▶ [Problem to solve]:
With the pictures removed, the data below must be transcribed in full and exactly.

▶ [Data for this exercise]:

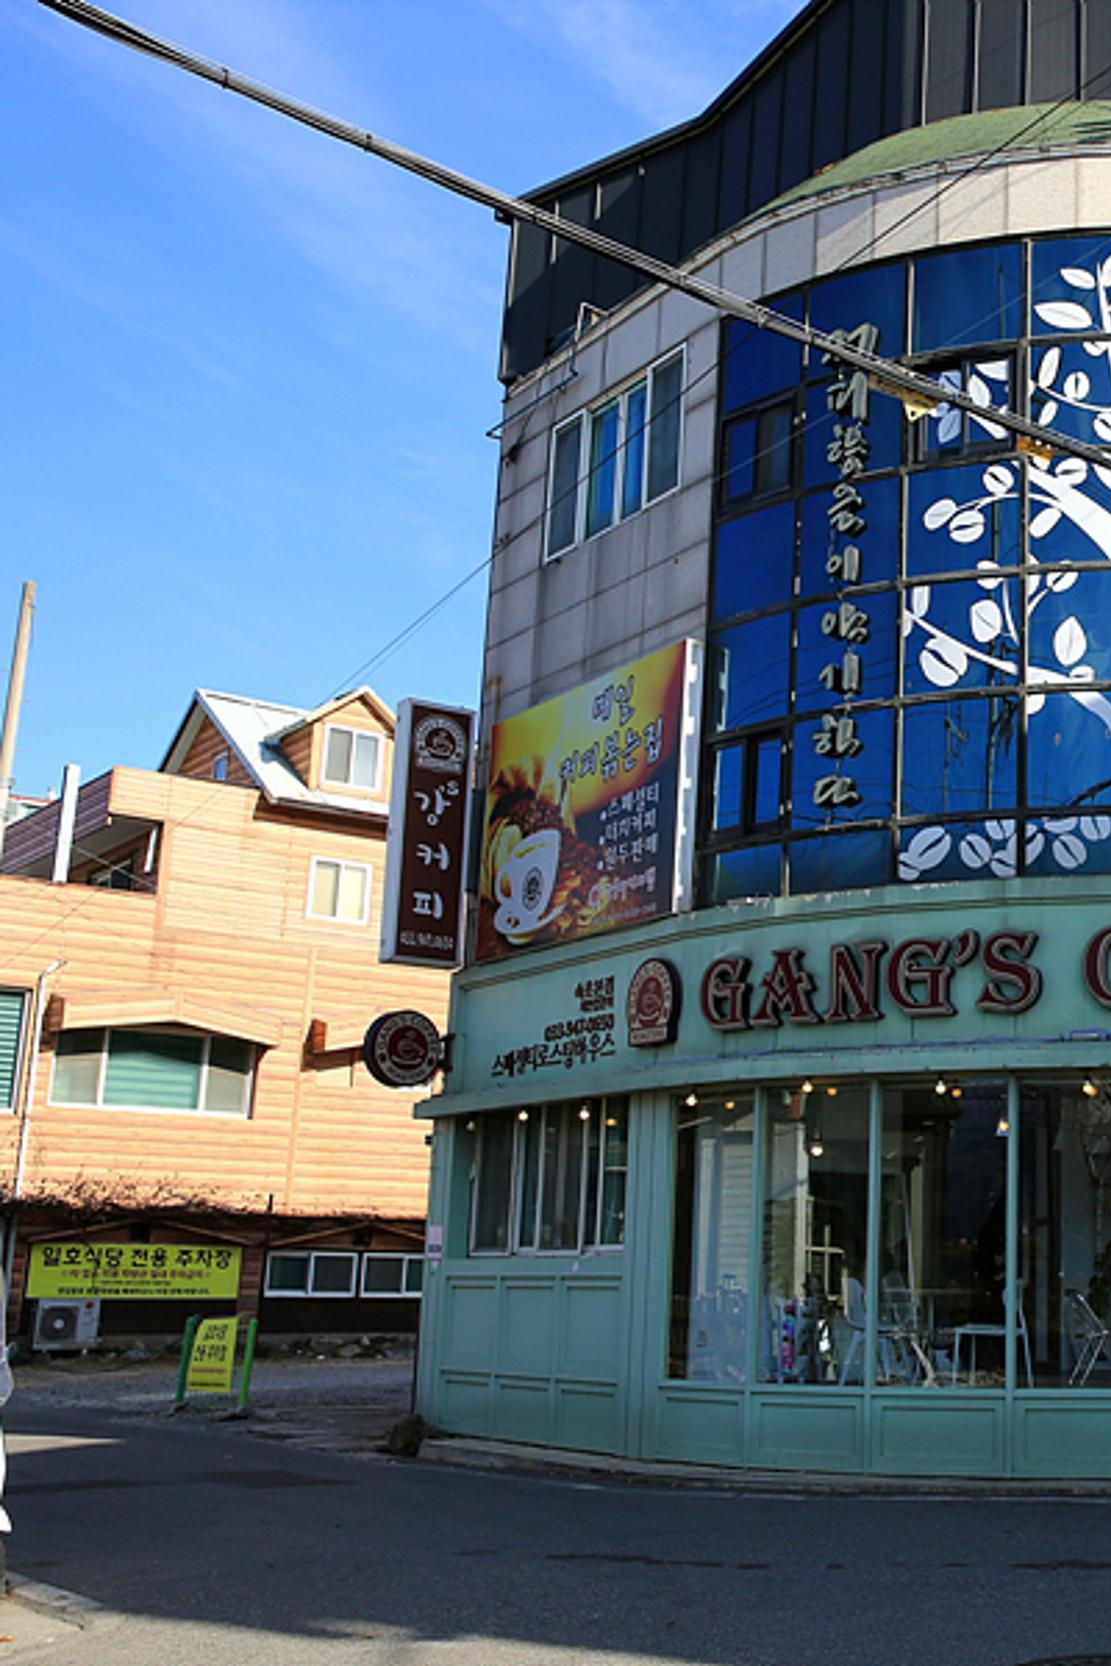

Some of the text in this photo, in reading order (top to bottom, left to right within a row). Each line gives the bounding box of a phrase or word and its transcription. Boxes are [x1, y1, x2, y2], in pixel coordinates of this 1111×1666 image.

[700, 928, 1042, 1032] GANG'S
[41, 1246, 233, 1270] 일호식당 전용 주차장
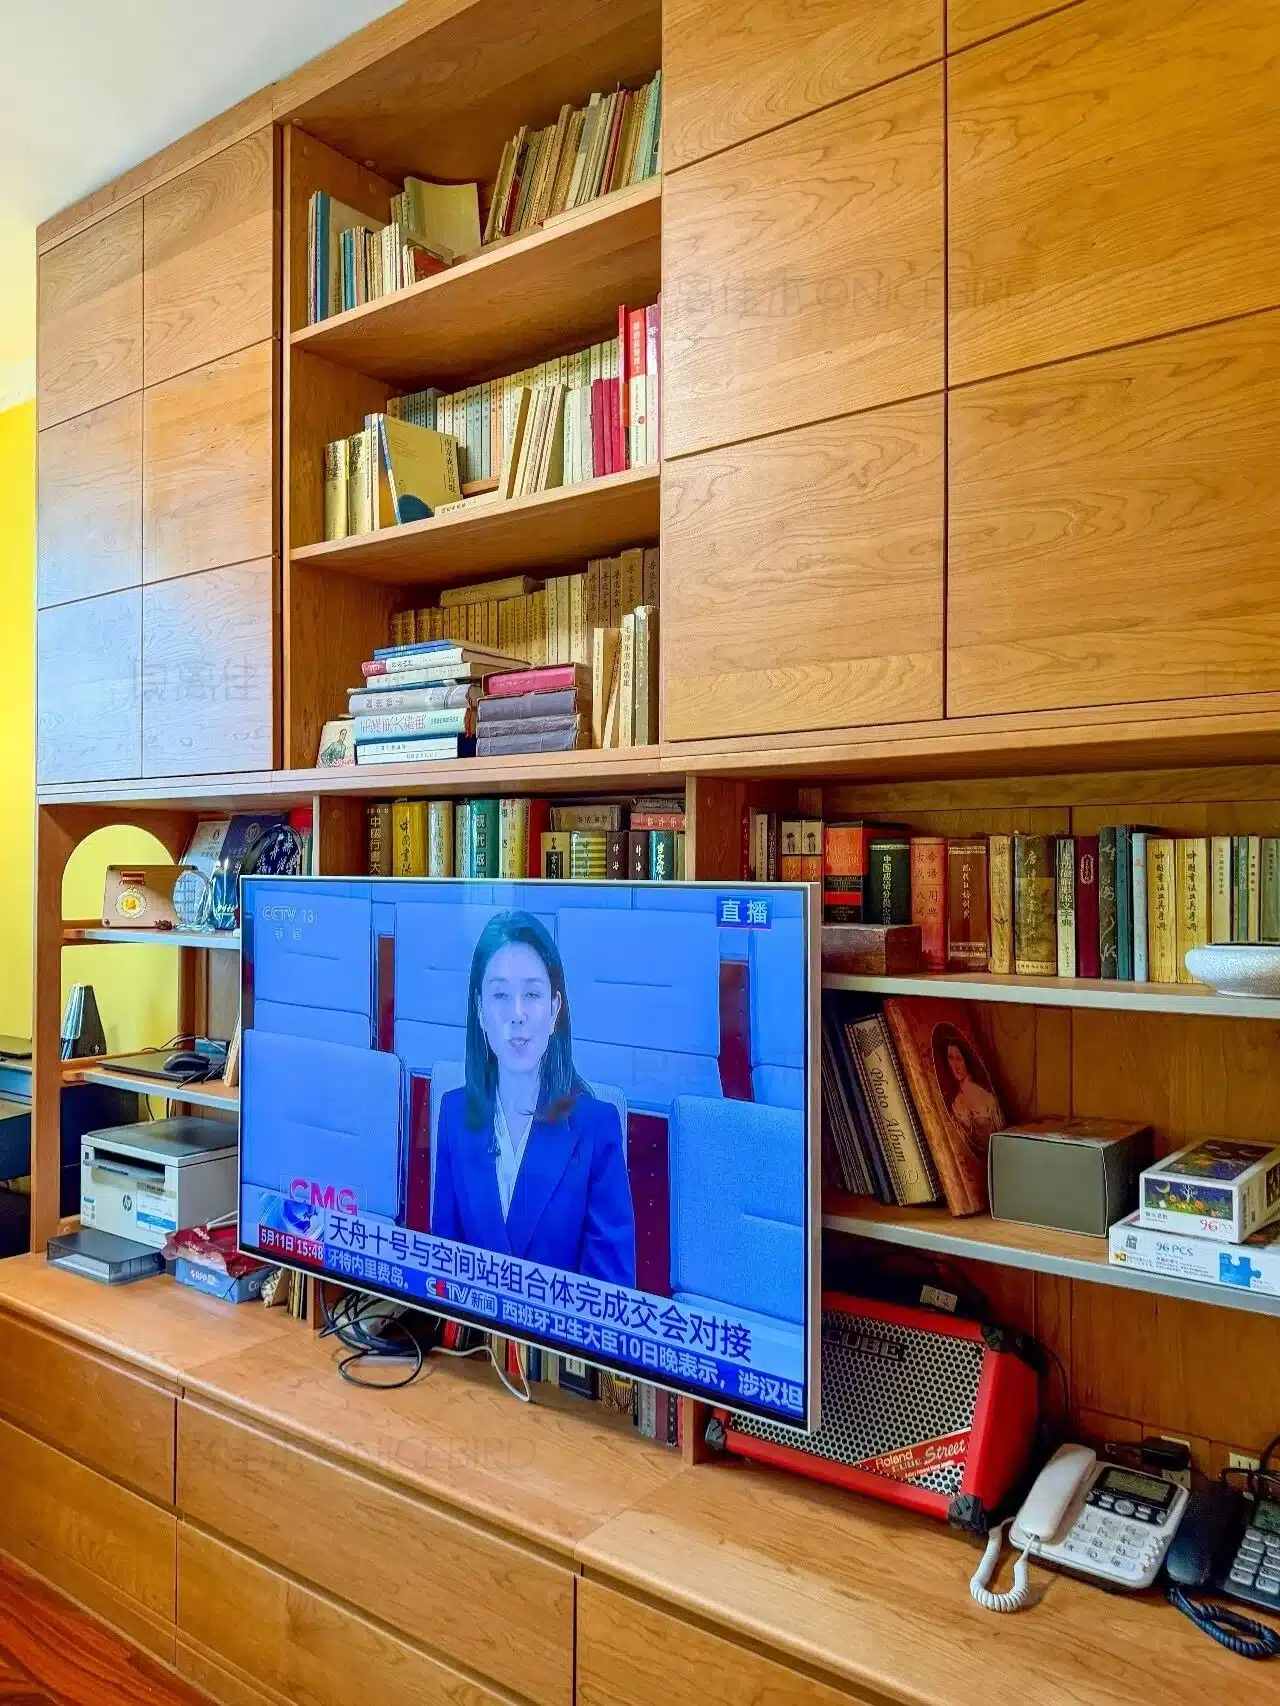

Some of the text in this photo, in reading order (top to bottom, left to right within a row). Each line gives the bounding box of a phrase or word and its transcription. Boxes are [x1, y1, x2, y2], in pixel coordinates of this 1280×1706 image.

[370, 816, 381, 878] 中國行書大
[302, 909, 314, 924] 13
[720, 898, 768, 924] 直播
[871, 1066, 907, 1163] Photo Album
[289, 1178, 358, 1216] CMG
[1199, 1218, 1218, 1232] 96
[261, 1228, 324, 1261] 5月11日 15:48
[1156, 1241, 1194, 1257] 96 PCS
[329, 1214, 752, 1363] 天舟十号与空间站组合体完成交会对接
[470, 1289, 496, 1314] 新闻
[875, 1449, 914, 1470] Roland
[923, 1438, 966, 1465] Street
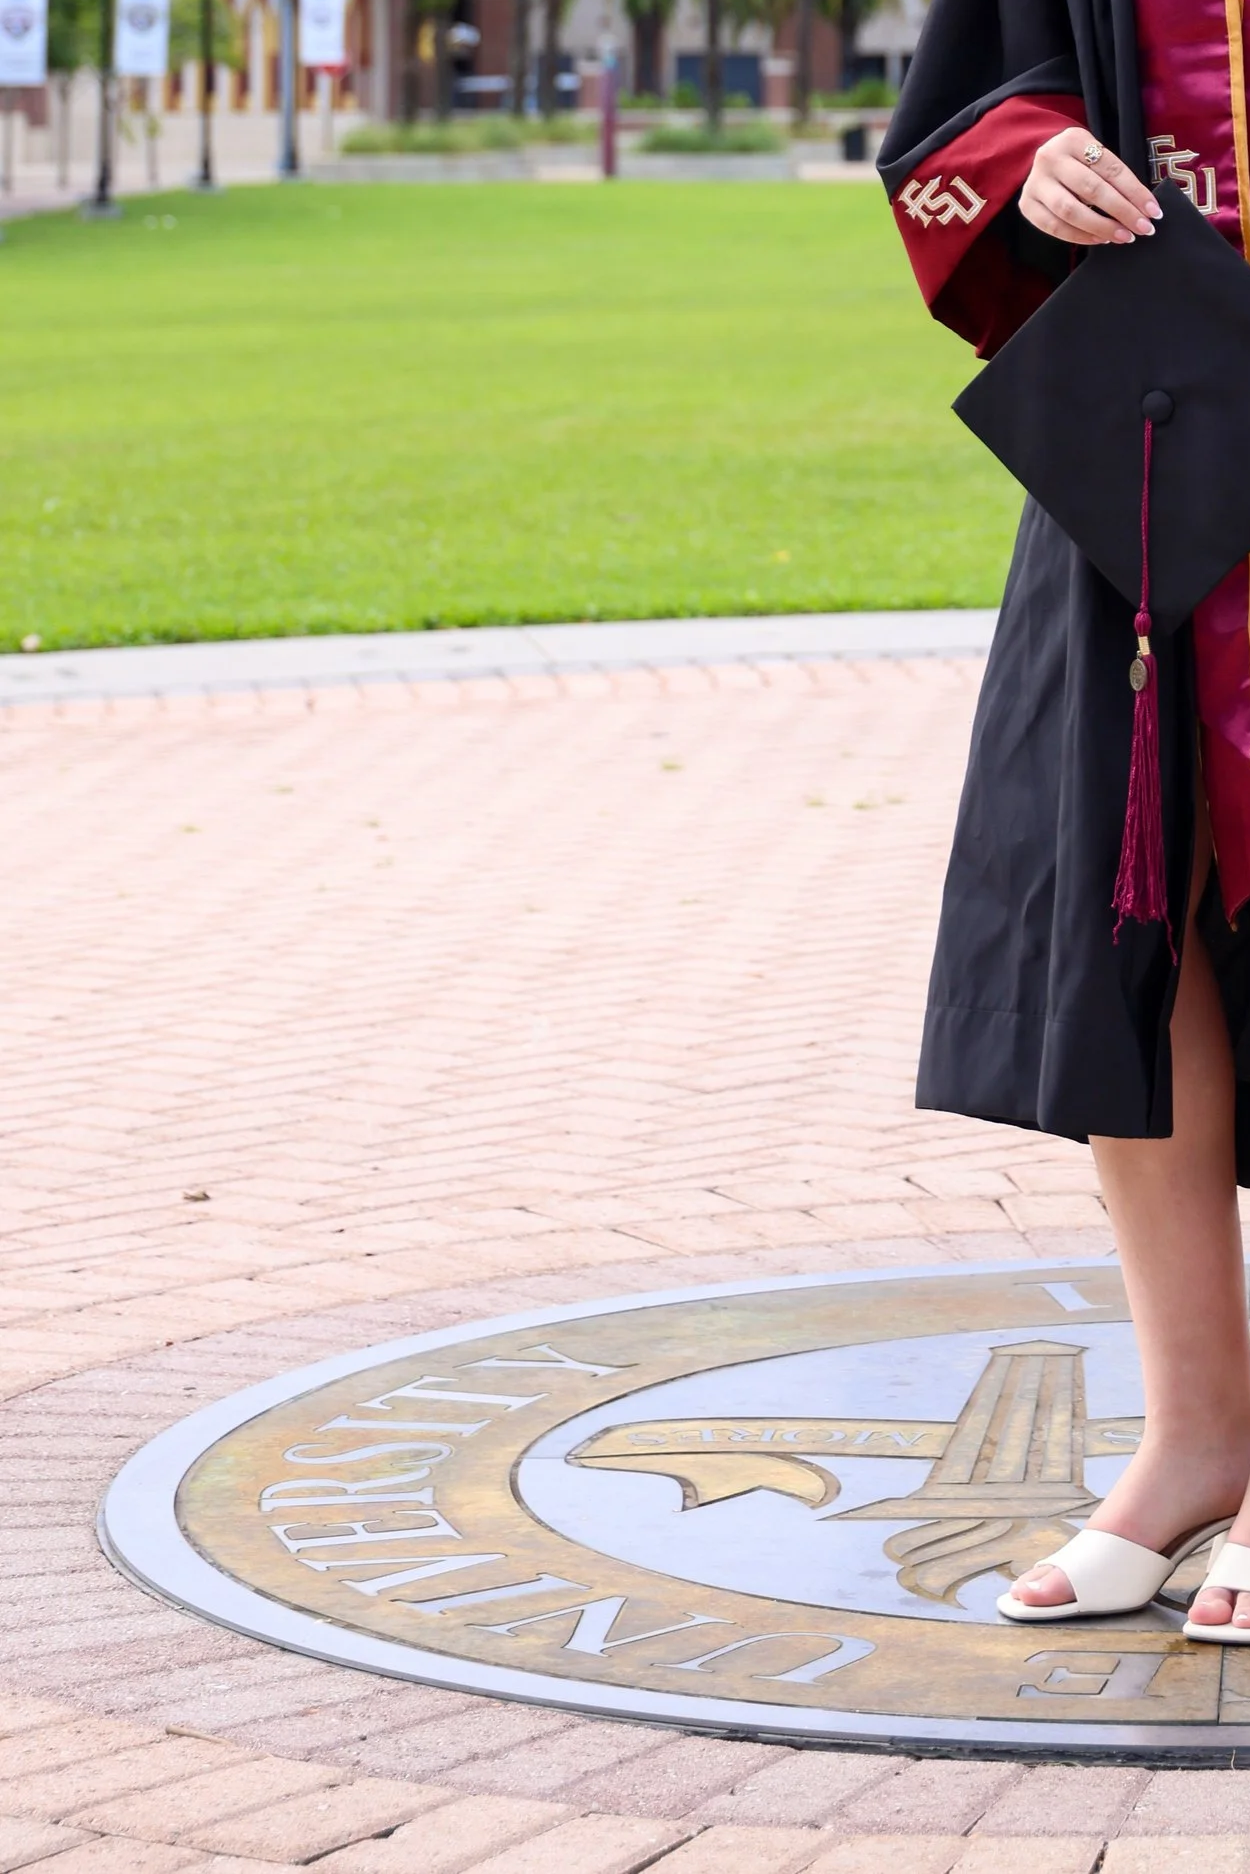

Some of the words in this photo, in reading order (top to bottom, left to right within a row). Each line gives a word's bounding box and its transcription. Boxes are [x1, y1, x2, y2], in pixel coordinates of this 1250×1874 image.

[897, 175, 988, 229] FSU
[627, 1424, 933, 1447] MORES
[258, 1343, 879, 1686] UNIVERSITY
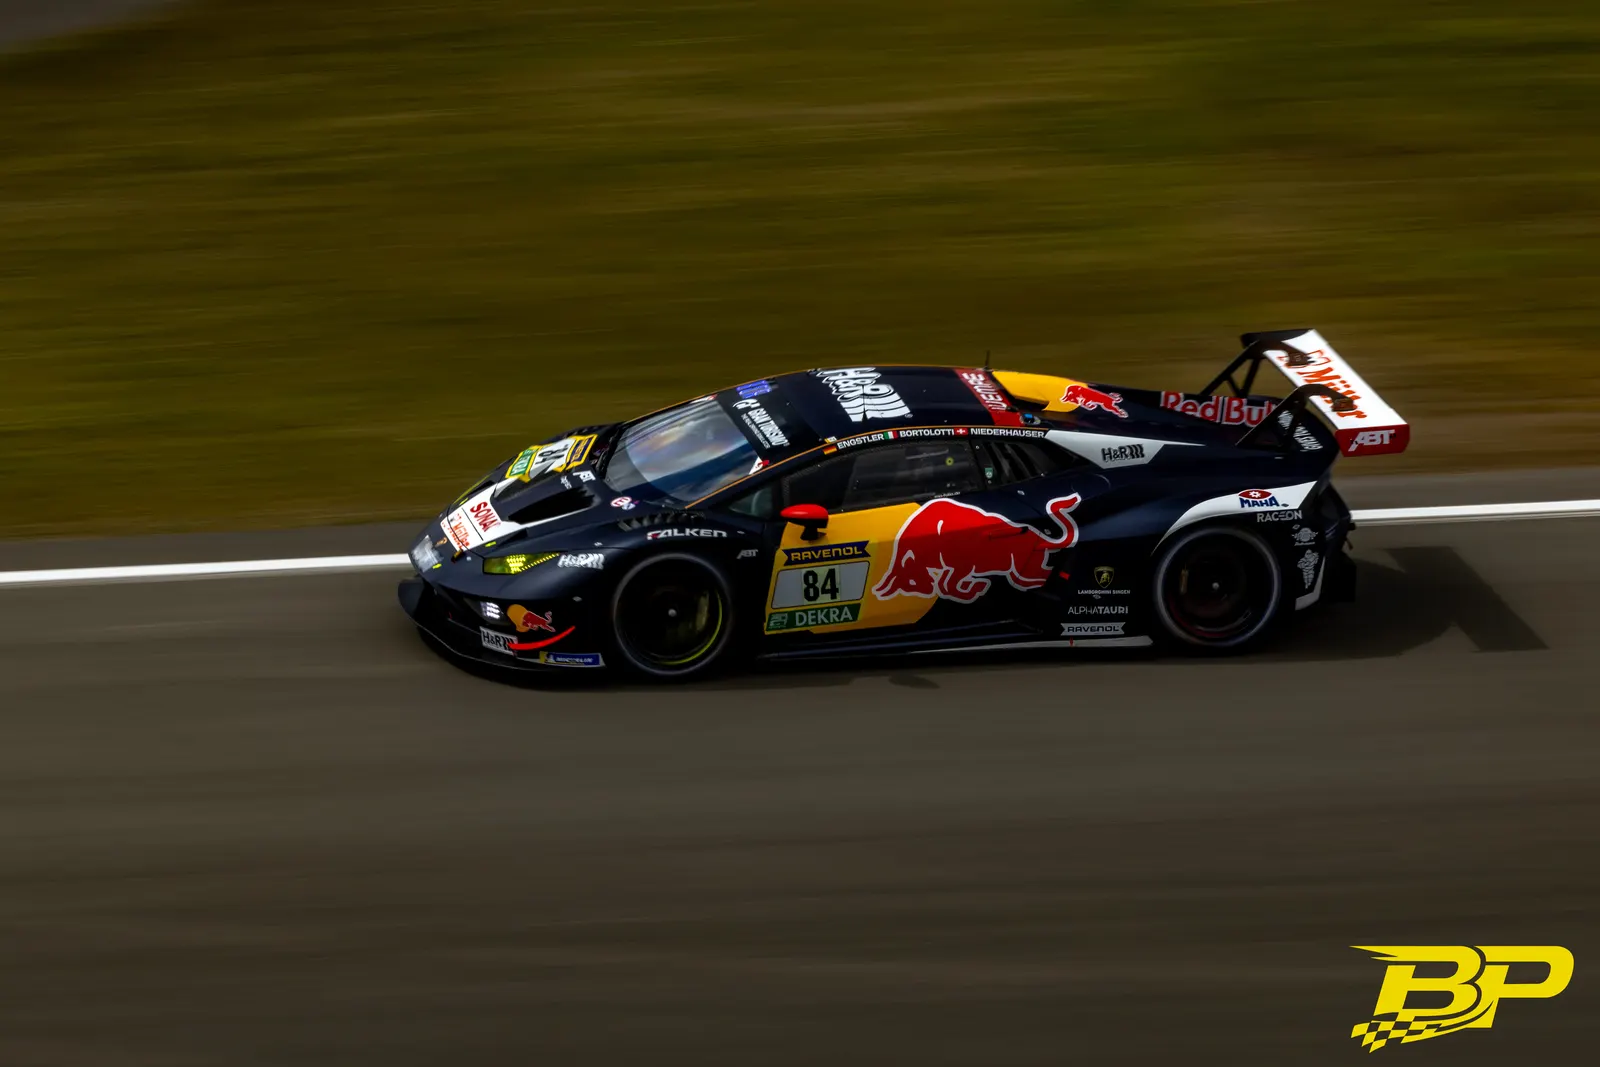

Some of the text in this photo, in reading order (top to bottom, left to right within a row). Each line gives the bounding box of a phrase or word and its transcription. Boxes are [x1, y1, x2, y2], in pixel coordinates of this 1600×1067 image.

▶ [Solution to this problem]:
Some of the text in this photo, in reading order (top to bottom, left to right within a row). Each line gives the bounding box of a phrase or word and its transcription. Boxes are [x1, y1, x2, y2], in pixel coordinates of this 1111×1666 image.

[700, 928, 1042, 1032] GANG'S
[41, 1246, 233, 1270] 일호식당 전용 주차장

Some of the text in this photo, in reading order (top to bottom, left to right within a row). Each line gives the bounding box of a phrase or word and its transcription. Boxes are [x1, y1, x2, y2], in pixel coordinates of this 1280×1706 image.

[370, 816, 381, 878] 中國行書大
[302, 909, 314, 924] 13
[720, 898, 768, 924] 直播
[871, 1066, 907, 1163] Photo Album
[289, 1178, 358, 1216] CMG
[1199, 1218, 1218, 1232] 96
[261, 1228, 324, 1261] 5月11日 15:48
[1156, 1241, 1194, 1257] 96 PCS
[329, 1214, 752, 1363] 天舟十号与空间站组合体完成交会对接
[470, 1289, 496, 1314] 新闻
[875, 1449, 914, 1470] Roland
[923, 1438, 966, 1465] Street

Some of the words in this photo, in reading order (top to bottom, left to right within a row). Each line gives a word's bounding box and its transcription. Boxes are [x1, y1, x2, y2], in pixel coordinates of this 1250×1874 image.

[897, 175, 988, 229] FSU
[627, 1424, 933, 1447] MORES
[258, 1343, 879, 1686] UNIVERSITY

Some of the text in this photo, in reading order (top to bottom, left to right within a row). Each line gives the bounding box of a phrase or word and its transcription. Boxes are [x1, y1, x2, y2], in pixel coordinates of this 1600×1067 image.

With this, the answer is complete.